The removal of emotional restraint was already under way in the '80s, when the strong silent type like Clint Eastwood had become replaced by high-energy loose cannons like Mel Gibson, Tom Cruise, and Bruce Willis. Eastwood was not only popular in the '60s (continuing on the popularity of Westerns back through the '50s), but into the early part of the '70s as Dirty Harry, another strong silent type. Harrison Ford playing Indiana Jones was less unpredictable than other in-your-face heroes of the '80s, but he wails and grimaces in pain more than the Western stars of the Midcentury, and is more likely to unload on an enemy in a rage.

Consciously retro characters like the Fonze and Special Agent Dale Cooper derived their appeal in large part from harking back to a time when men kept it together emotionally.

The same changes can be seen in the prose styles of popular authors. During the Great Compression of roughly 1920 to 1970, Fitzgerald, Hemingway, Kerouac, and Mailer all wrote in a terse style, and kept their works fairly short in length, to nip sentimentality in the bud. Contrast with the verbose, florid, and treacly prose that was more typical of the Victorians, as well as the self-indulgent 800-page novels of our neo-Dickensian era.

Also from the Victorian era were public intellectuals with such nicknames as "Darwin's Bulldog" (Huxley), who have only started to come back into fashion with New Atheist types and their immediate predecessors like Richard Dawkins. In fairness, The Selfish Gene was an early example before things got as heated as they are now, and he was fairly sympathetic to religious thinking and wrote in a milder tone. Still, I don't recall there being a Fisher's Bulldog or a Wright's Bulldog in the Midcentury, although in 1930 Fisher was somewhat his own bulldog when he wrote an inflammatory second half about eugenics in his book The Genetical Theory of Natural Selection.

Returning to an earlier post about the rise of road rage, what kinds of solutions do we hear for folks with an aggressive driving problem? "Anger management." As it turns out, that phrase appears in Google's digital library (Ngram) only in the 1970s, and rises steadily through the late 2000s. A quick check of the Wikipedia article for "anger management" shows that the academic literature on the topic shares this timeline.

Andy Griffith may have had to deal with the occasional hot-head picking a fight in a bar, but not everyday road rage, and he did not have to refer one offender after another to anger management programs.

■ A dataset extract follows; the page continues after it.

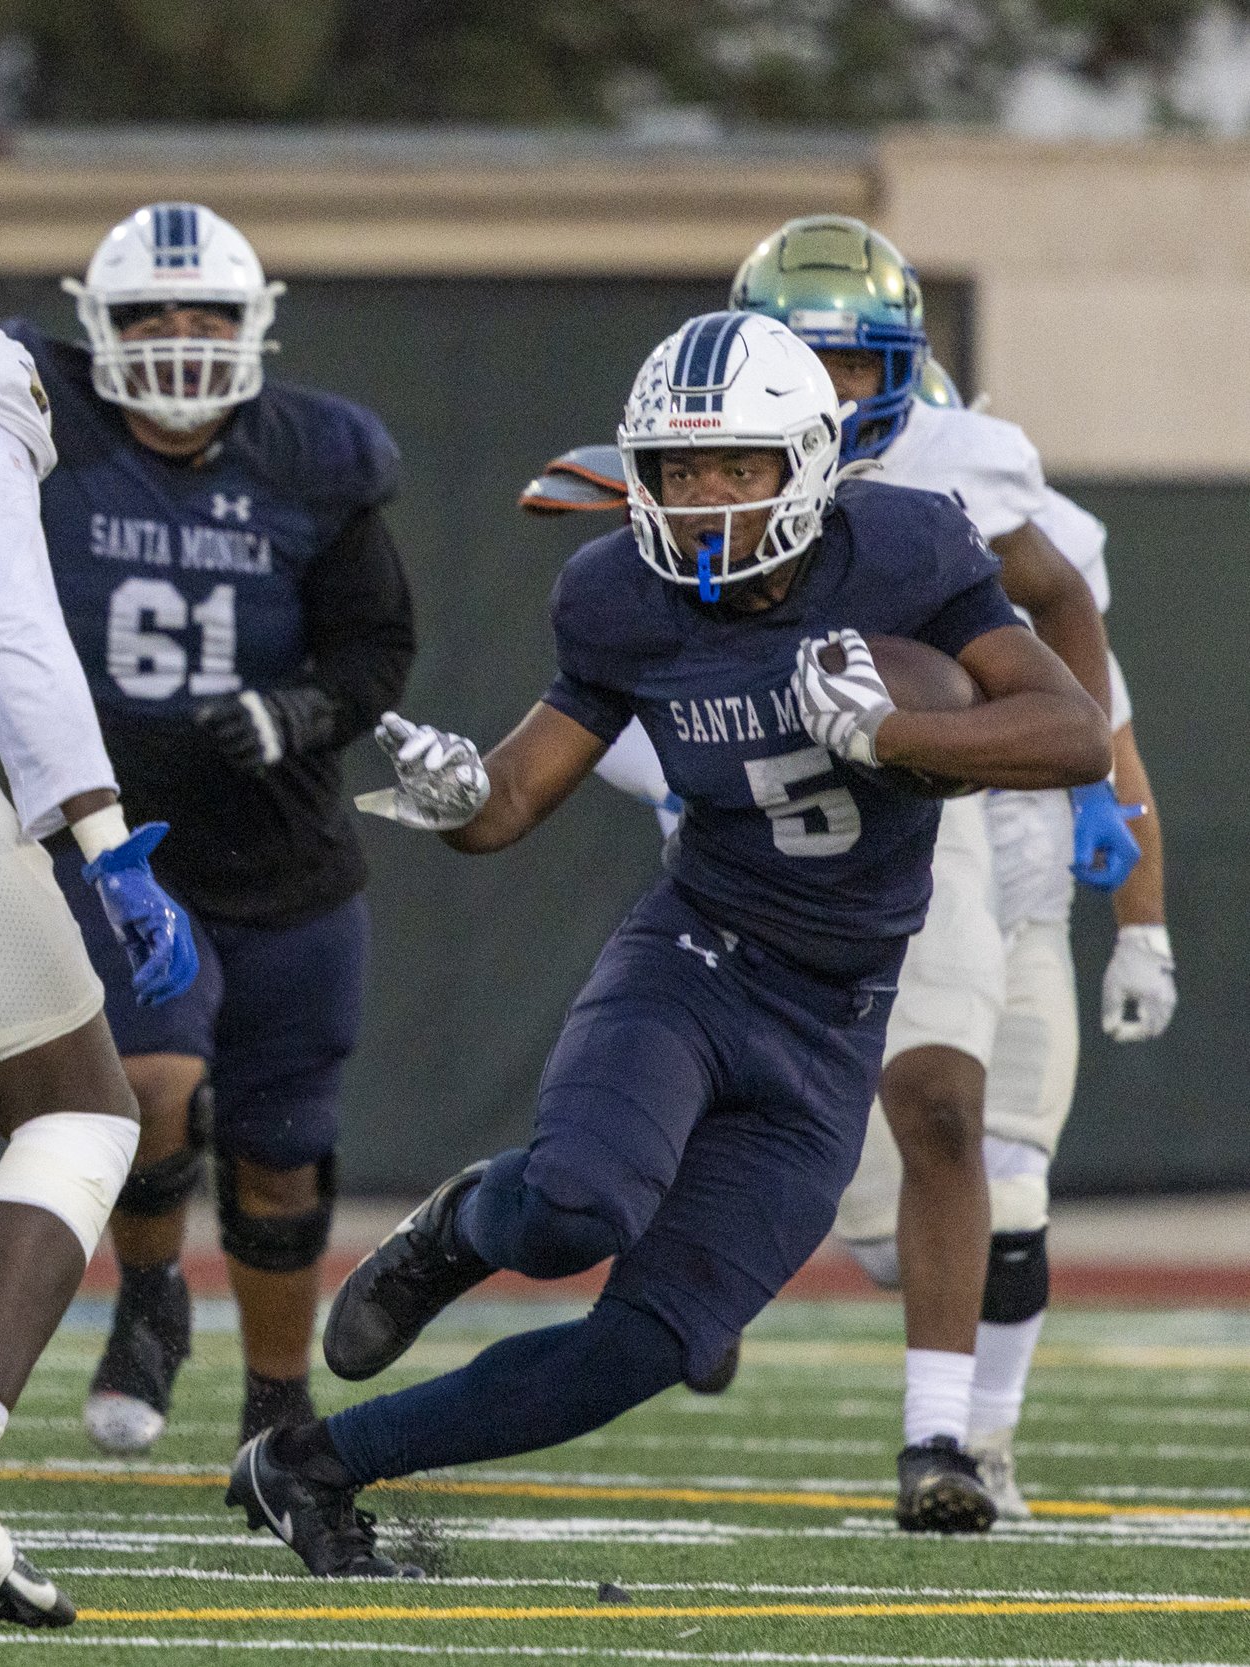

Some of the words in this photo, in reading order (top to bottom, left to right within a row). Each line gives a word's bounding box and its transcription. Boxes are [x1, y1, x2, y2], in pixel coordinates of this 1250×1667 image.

[106, 577, 242, 700] 61
[669, 695, 766, 743] SANTA
[743, 745, 862, 857] 5

But the clearest demonstration of the link between falling competitiveness and stoicism is the original, capital-letter Stoicism of the Roman Empire. As a practical philosophical school that led by example, it flourished from Seneca, to Epictetus, to Marcus Aurelius, which coincides with a long period, from emperors Augustus to Marcus Aurelius, of increasing stability within the Empire (particularly among the elites, who had been at war with one another not so long before).

Once internal competition began to rear its head again under the reign of Commodus, Stoicism went up in a puff of smoke. We can tell that this was due to a social-cultural shift, rather than the introduction of newer, weaker blood because Commodus received half of his genetic stock from the Stoic philosopher-emperor himself. Recall this earlier post, using Commodus as an example, about how bombastic and unrestrained the leaders become as society creeps toward civil war.

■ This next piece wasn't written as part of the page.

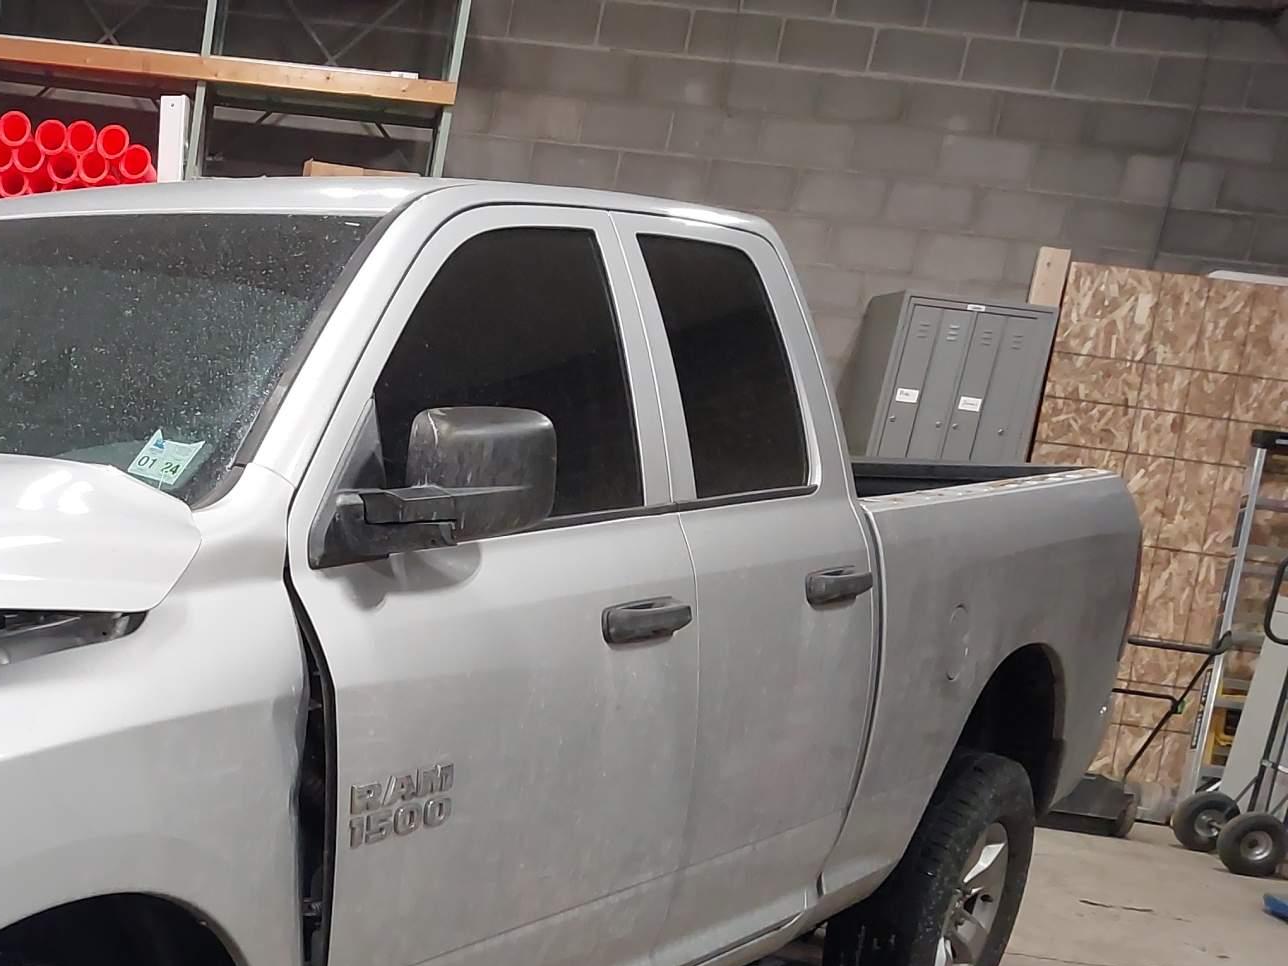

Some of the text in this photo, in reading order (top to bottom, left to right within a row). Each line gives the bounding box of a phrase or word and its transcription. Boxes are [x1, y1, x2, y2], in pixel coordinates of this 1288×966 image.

[138, 455, 180, 475] 01 24
[349, 763, 455, 816] RAM
[349, 796, 454, 849] 1500

Increasing levels of rage, excitement, and so on, are symptoms of the underlying cause — the rise in competitiveness, and its accompanying norm of me-first. Don't make me contain my emotions, and I won't make you contain yours. We'll just have to see whose emotions are stronger than the other's. So, going to those anger management programs, or taking a DIY approach, probably won't do all that much long-term. We need to attack these problems at their root, which is the laissez-faire attitude and hyper-competitive behavior toward others.